Well, I figured day four was going to be a sit around do nothing day because my sister and daughter wanted to go to a clothing optional hotsprings up in the mountains.  I wasn't too keen on the idea of my younger daughters seeing fully grown men walking around naked.  That was just a bit too much education.  But in the end I figured why not.  Safe to say it was an absolutely great time.

First thing is they have this huge pool.  It's kind of strange because the pool is dark green on the sides; almost black.  But that's from the algae.  There's no chlorine.  Just fresh hotspring water running down the mountain and going in and out of the pool.  By the time it makes it's way down the mountain to this lowest pool it is 89 degrees.  I swam, dove off the board with the kids, did cannonballs.  It was a total blast.  Here's my youngest doing a cartwheel into the water:

And yes, there were naked people.  I though it was kind of funny.  There was this guy, with his trunks on, sitting in a chair, playing the guitar.  My sister was in the shallow water next to him and they started talking.  As they were talking, this guy just gets up like no one's business, drops his trunks and gets in the pool. Never missed a beat.  I think he was just advertising.

After staying there for a while we then hiked up the mountain to the source of the stream which feeds the pool.  This was no small hike, and the trail was quite steep at some points.  The first pool wasn't too far up, but we continued.

Another interesting naked experience.  So we're going up the mountain, and this couple is coming down.  The woman is topless, and well endowed.  We were sitting resting and they just strike up a conversation with us, just like we were all in their bedroom... not out in the open on the side of a mountain talking to a half naked stranger. 

Anyway, we made it to the top, and here is a shot from above the pools as they go down the mountain.  There are actually three right in a row here:

The actual source of the water is just to the right in the above picture in a tiny cave.  Also, it seems like the water must be coming up through the ground, because you can see small bubbles coming up.  They feel like you're standing in soda pop.  Not as many of them, but the same effect.  Also, the spring pools are not very deep, but that's a good thing, because they are too hot to really submerge yourself for any length of time.

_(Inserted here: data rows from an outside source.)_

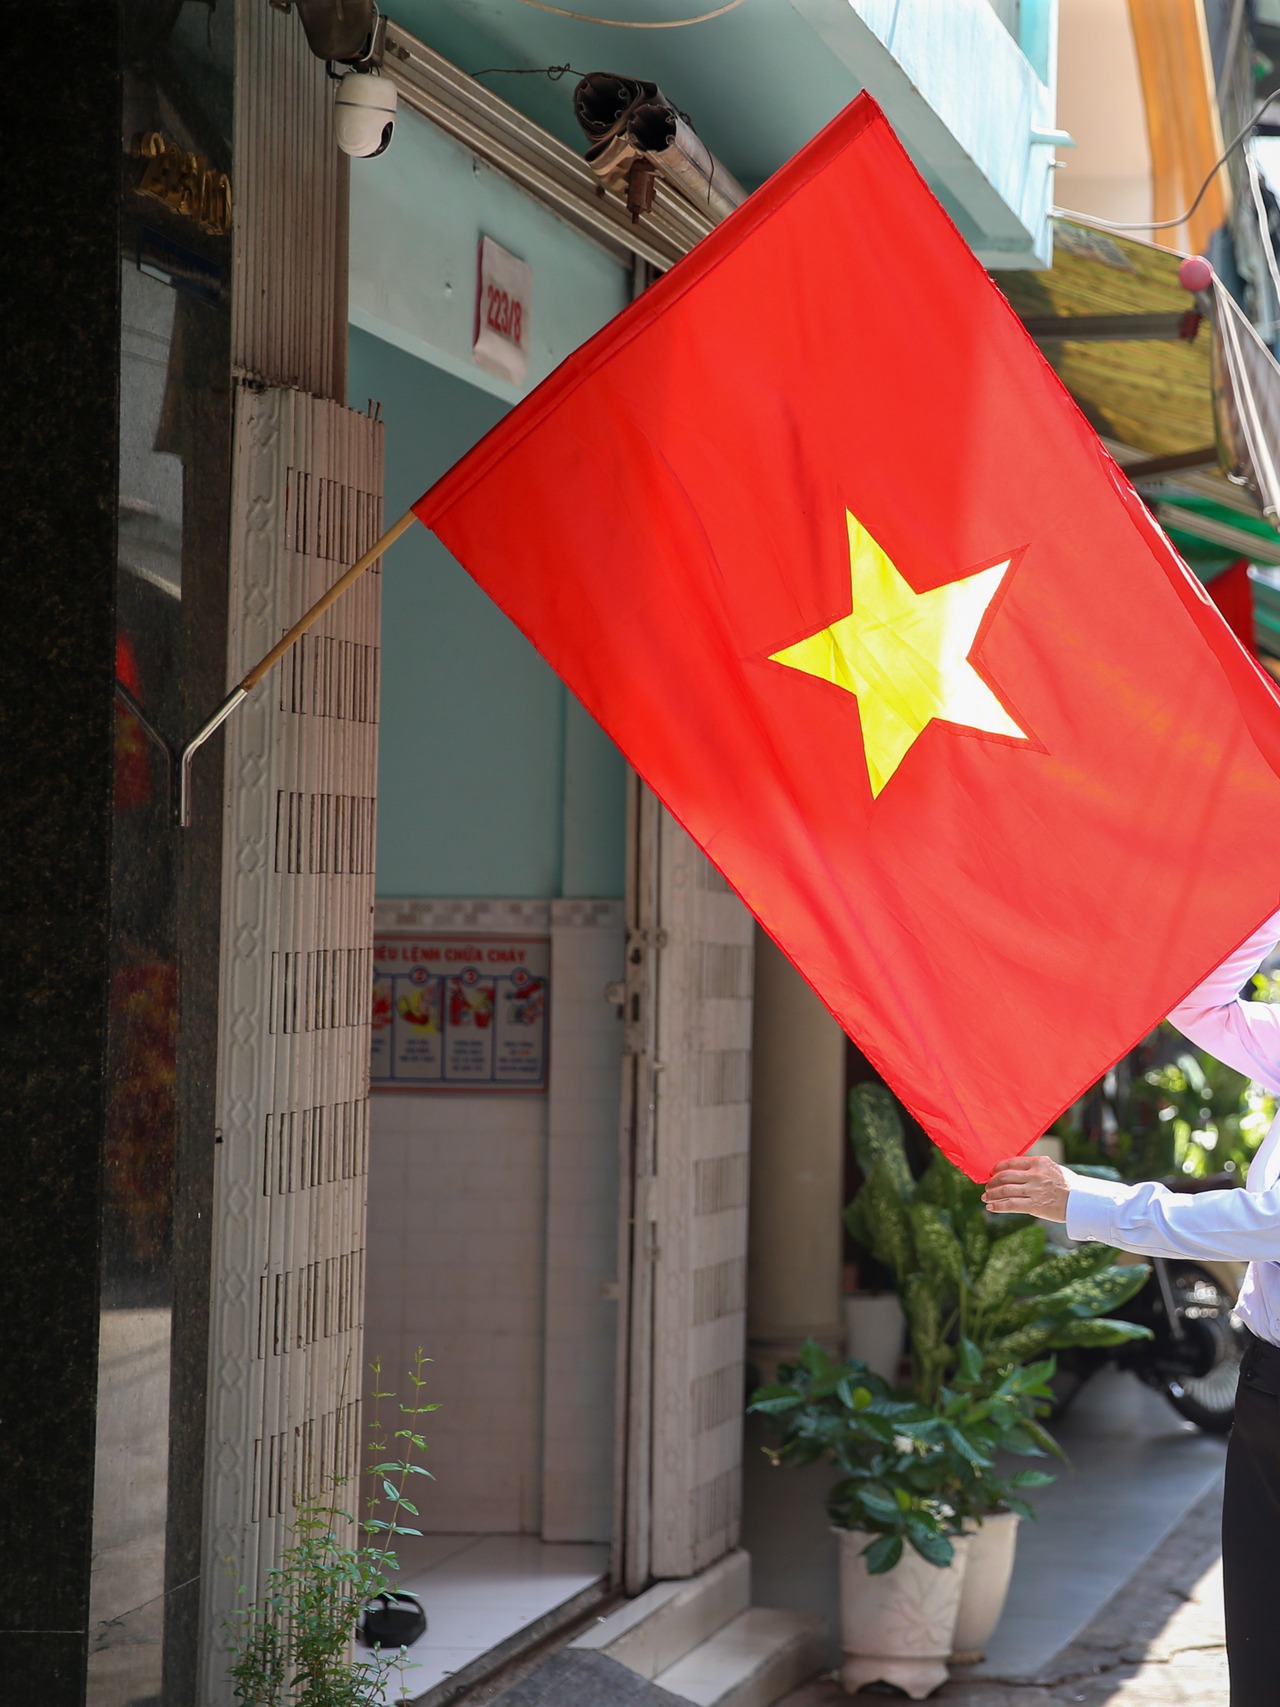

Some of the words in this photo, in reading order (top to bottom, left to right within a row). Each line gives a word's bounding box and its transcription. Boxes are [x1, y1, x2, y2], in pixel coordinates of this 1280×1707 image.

[487, 284, 522, 343] 223/8
[374, 944, 398, 961] IÊU
[402, 944, 441, 962] LỆNH
[444, 945, 484, 962] CHỮA
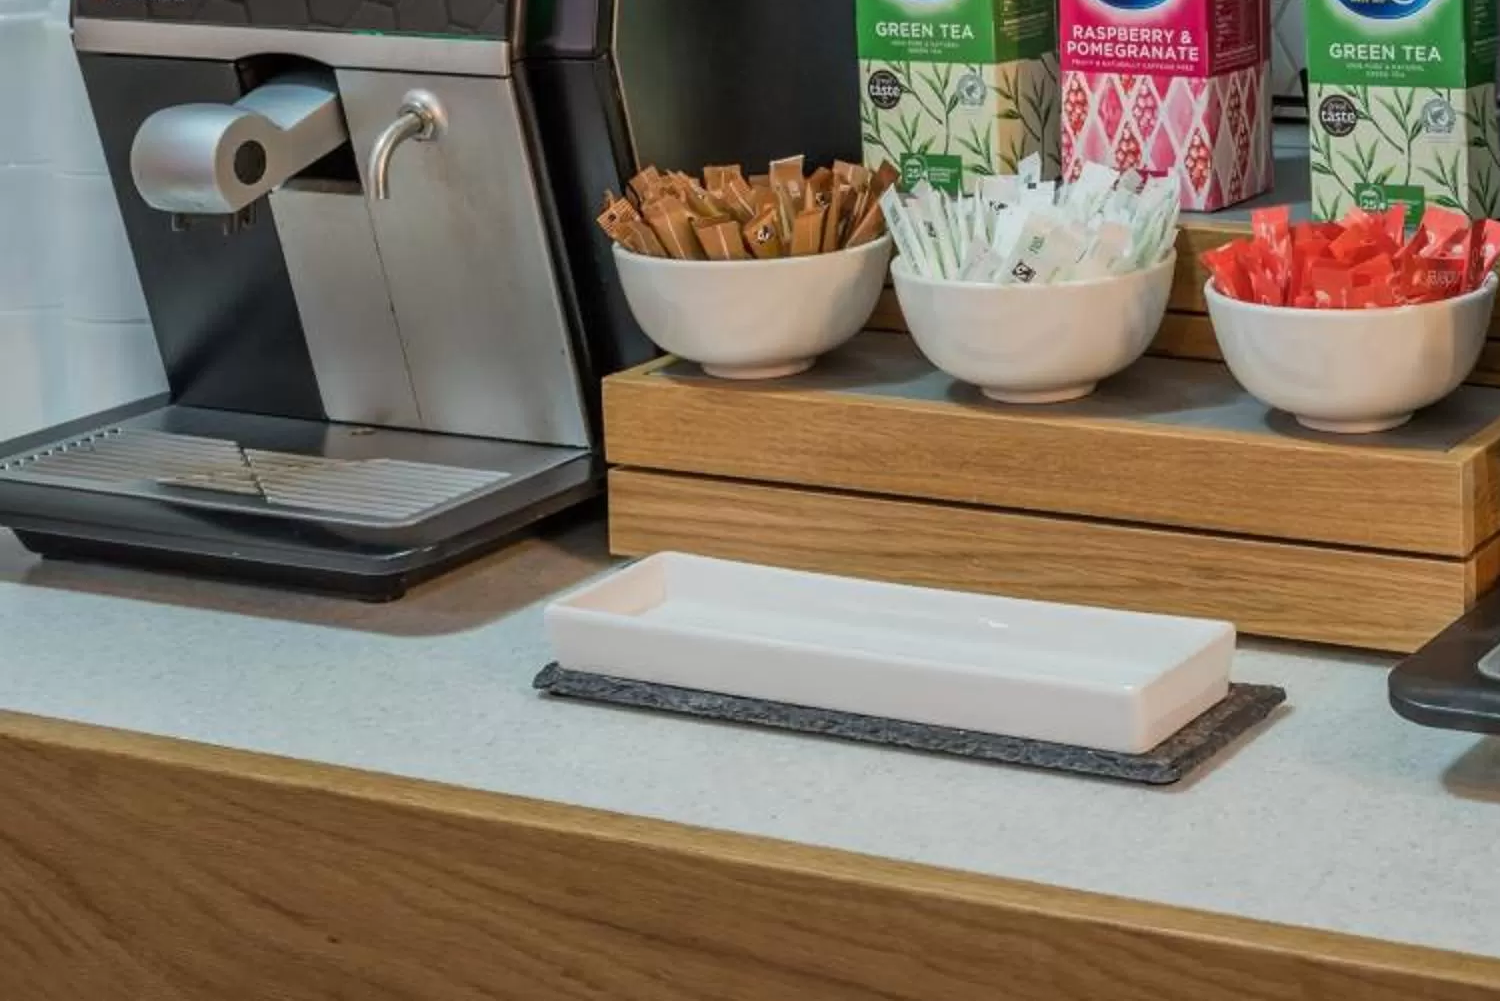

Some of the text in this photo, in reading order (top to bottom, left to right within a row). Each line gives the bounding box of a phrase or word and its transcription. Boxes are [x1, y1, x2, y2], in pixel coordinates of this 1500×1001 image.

Well, we hiked back down the mountain, spent more time in the big pool, and then called it a day. 

Day 5

If you think it's been good up to now...

We got an early start because today we were going to walk the dunes.  Yup, less than an hour from these hot springs and evergreen mountains, we have total desolation.  In fact we were told that these were the dunes at which the Star Wars movie was filmed.  But, even before that, 20 minutes drive from there is a water fall.

You can't see the waterfall from anywhere along the stream that it generates.  You have to actually walk the stream... again, very cold water, to get to the source.  So, that's what we did, we took our shoes off and walked through the stream and rocks.

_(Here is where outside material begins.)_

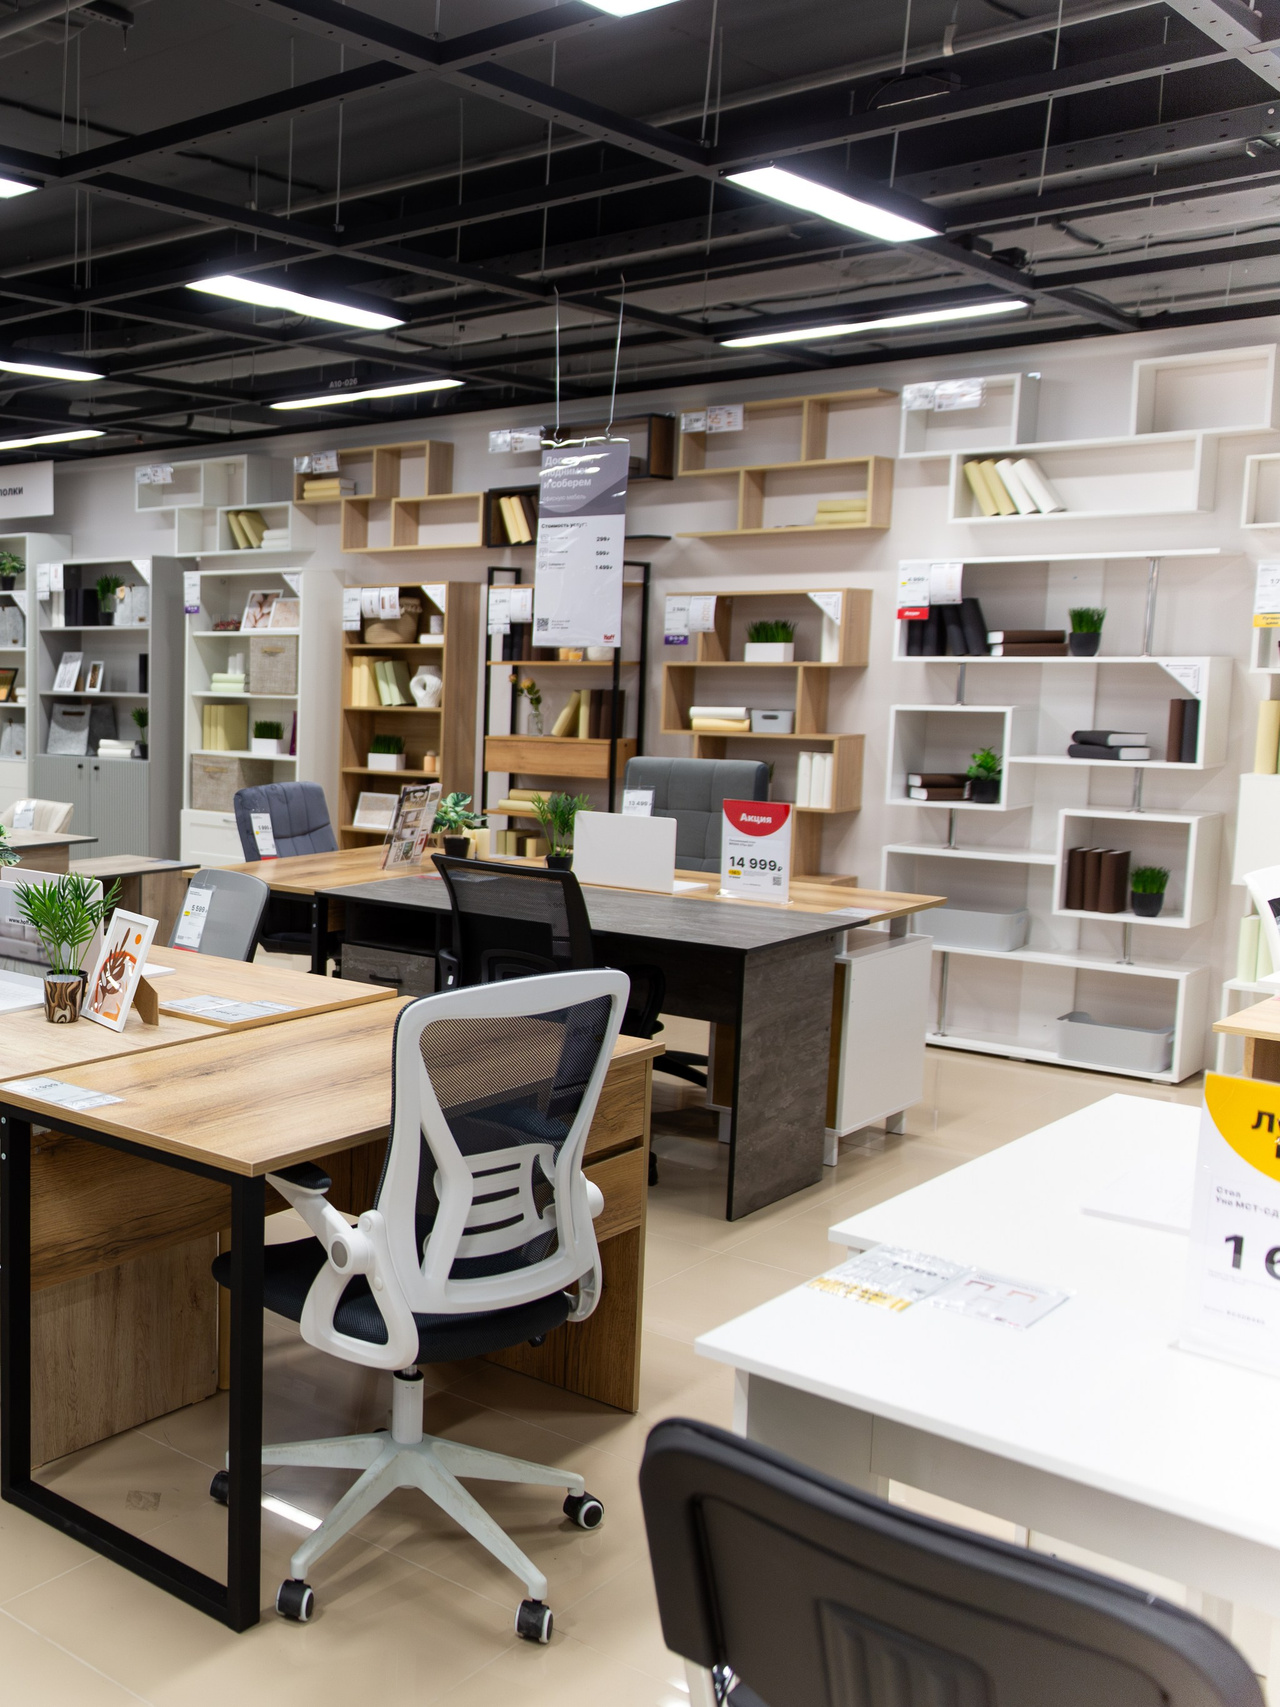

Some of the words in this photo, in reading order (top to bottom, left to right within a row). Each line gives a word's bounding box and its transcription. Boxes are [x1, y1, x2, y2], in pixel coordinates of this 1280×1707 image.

[551, 478, 591, 489] соберем
[740, 813, 772, 824] Акция
[729, 856, 745, 868] 14

At the top left hand corner, the dark cave is basically where you can't go any further without taking your shoes off; assuming you don't want to get them wet.  That's not really a cave, it's just two rock cliffs where the water must have worn down the rock over the years.

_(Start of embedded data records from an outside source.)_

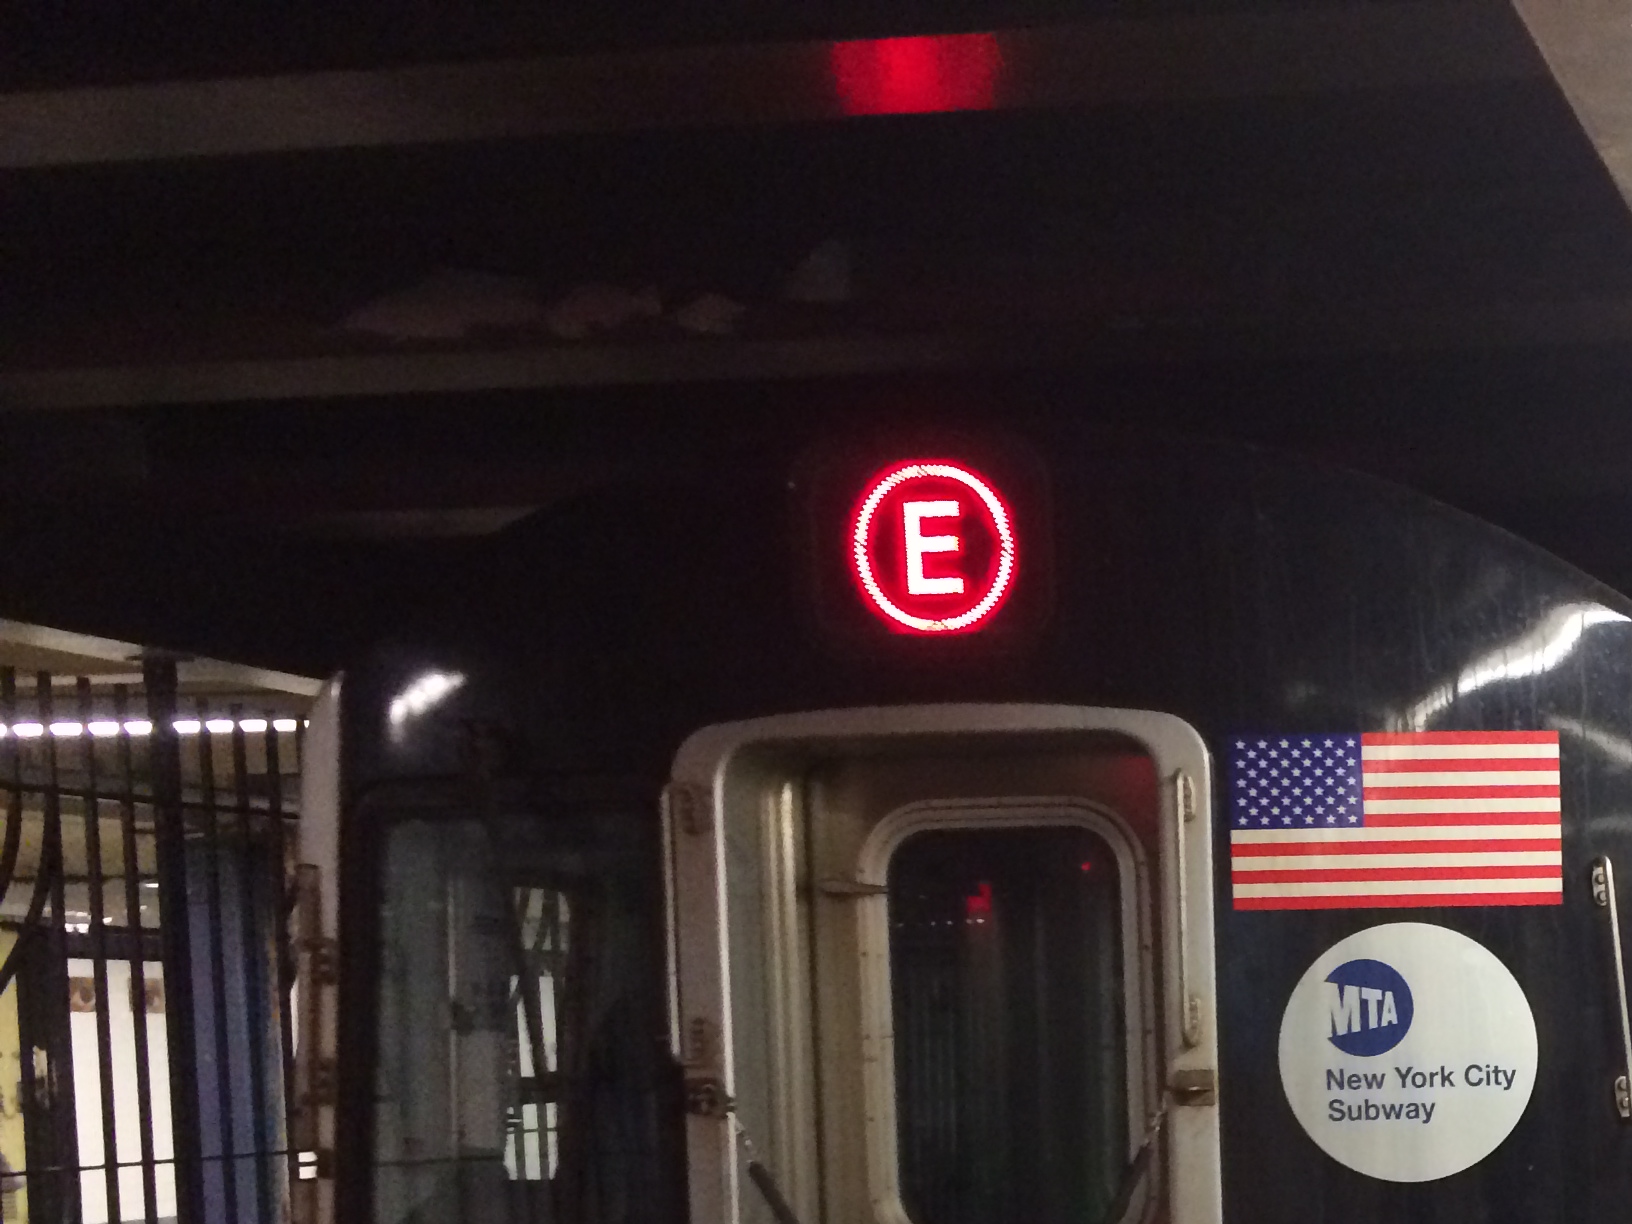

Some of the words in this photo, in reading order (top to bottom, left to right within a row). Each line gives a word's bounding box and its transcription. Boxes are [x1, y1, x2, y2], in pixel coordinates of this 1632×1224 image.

[903, 500, 964, 595] E
[1324, 981, 1398, 1036] MTA
[1326, 1067, 1386, 1090] New
[1394, 1065, 1455, 1089] York
[1464, 1064, 1516, 1090] City
[1328, 1099, 1435, 1123] Subway

This is a photo looking down stream from that cavelike area.

This is an image standing at the mouth of the cave looking up.

This is at the back of the cave just below the photo to the left.

And this is at the very back of that cave area.

Now that our feet were all chilly and we were refreshed, we hiked back down to our cars and drove the 20 minutes to the dunes.  They look so small in the distance and keep getting bigger and bigger as you get closer.  We got lucky with the fact that it had rained recently, so when we got on the dunes the sand stuck together fairly well in most places.  That made the climb easier.  It was good that there were some clouds which gave some shade.  It was definitely the hardest hiking we'd done all week, like everything else was just conditioning for this.  So, we picked the highest peek and climbed our way to it.  Of course the pictures just don't do it justice.  This particular one is when were were getting toward the top.  The closer we got to the top the more windy it got.  At the top it was like getting sand blasted.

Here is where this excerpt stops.